(Spatial localization data)
- Opening Delimiter -

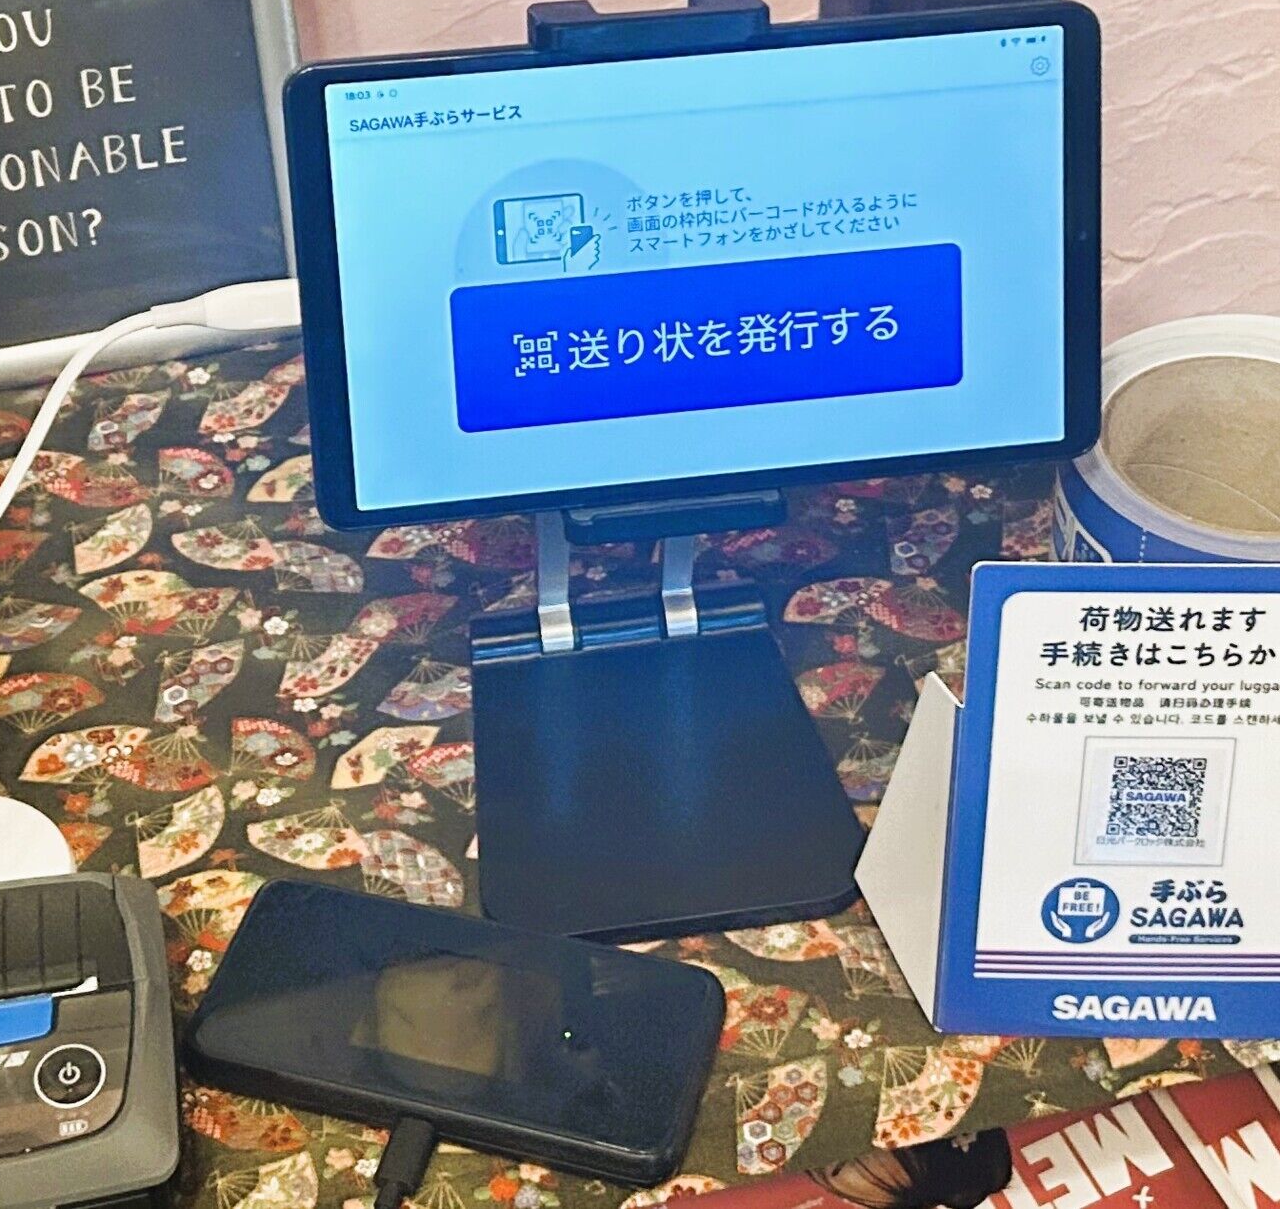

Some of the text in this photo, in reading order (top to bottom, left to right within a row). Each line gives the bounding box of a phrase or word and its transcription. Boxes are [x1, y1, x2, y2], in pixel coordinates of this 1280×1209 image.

[80, 63, 137, 109] BE
[345, 90, 371, 101] 18:03
[349, 104, 523, 132] SAGAWA手ぶらサービス
[625, 186, 753, 212] ボタンを押して、
[627, 192, 918, 234] 画面の枠内にバーコードが入るように
[629, 215, 901, 254] スマートフォンをかざしてください
[566, 301, 902, 373] 送り状を発行する
[1079, 605, 1268, 633] 荷物送れます
[1035, 678, 1071, 690] Scan
[1076, 679, 1112, 690] code
[1117, 679, 1133, 691] to
[1138, 679, 1197, 691] forward
[1201, 681, 1235, 694] your
[1125, 791, 1187, 802] SAGAWA
[1073, 891, 1090, 901] BE
[1150, 878, 1228, 904] 手ぶら
[1062, 902, 1101, 913] FREE!
[1129, 907, 1245, 929] SAGAWA
[1051, 994, 1218, 1022] SAGAWA

- Closing Delimiter -

(WHAT YOU HAVE TO DO) The reply is to be all the records above, transcribed exactly, with no pictures.

(TASK SOLUTION)
Some of the text in this photo, in reading order (top to bottom, left to right within a row). Each line gives the bounding box of a phrase or word and its transcription. Boxes are [x1, y1, x2, y2], in pixel coordinates of this 1280×1209 image.

[80, 63, 137, 109] BE
[345, 90, 371, 101] 18:03
[349, 104, 523, 132] SAGAWA手ぶらサービス
[625, 186, 753, 212] ボタンを押して、
[627, 192, 918, 234] 画面の枠内にバーコードが入るように
[629, 215, 901, 254] スマートフォンをかざしてください
[566, 301, 902, 373] 送り状を発行する
[1079, 605, 1268, 633] 荷物送れます
[1035, 678, 1071, 690] Scan
[1076, 679, 1112, 690] code
[1117, 679, 1133, 691] to
[1138, 679, 1197, 691] forward
[1201, 681, 1235, 694] your
[1125, 791, 1187, 802] SAGAWA
[1073, 891, 1090, 901] BE
[1150, 878, 1228, 904] 手ぶら
[1062, 902, 1101, 913] FREE!
[1129, 907, 1245, 929] SAGAWA
[1051, 994, 1218, 1022] SAGAWA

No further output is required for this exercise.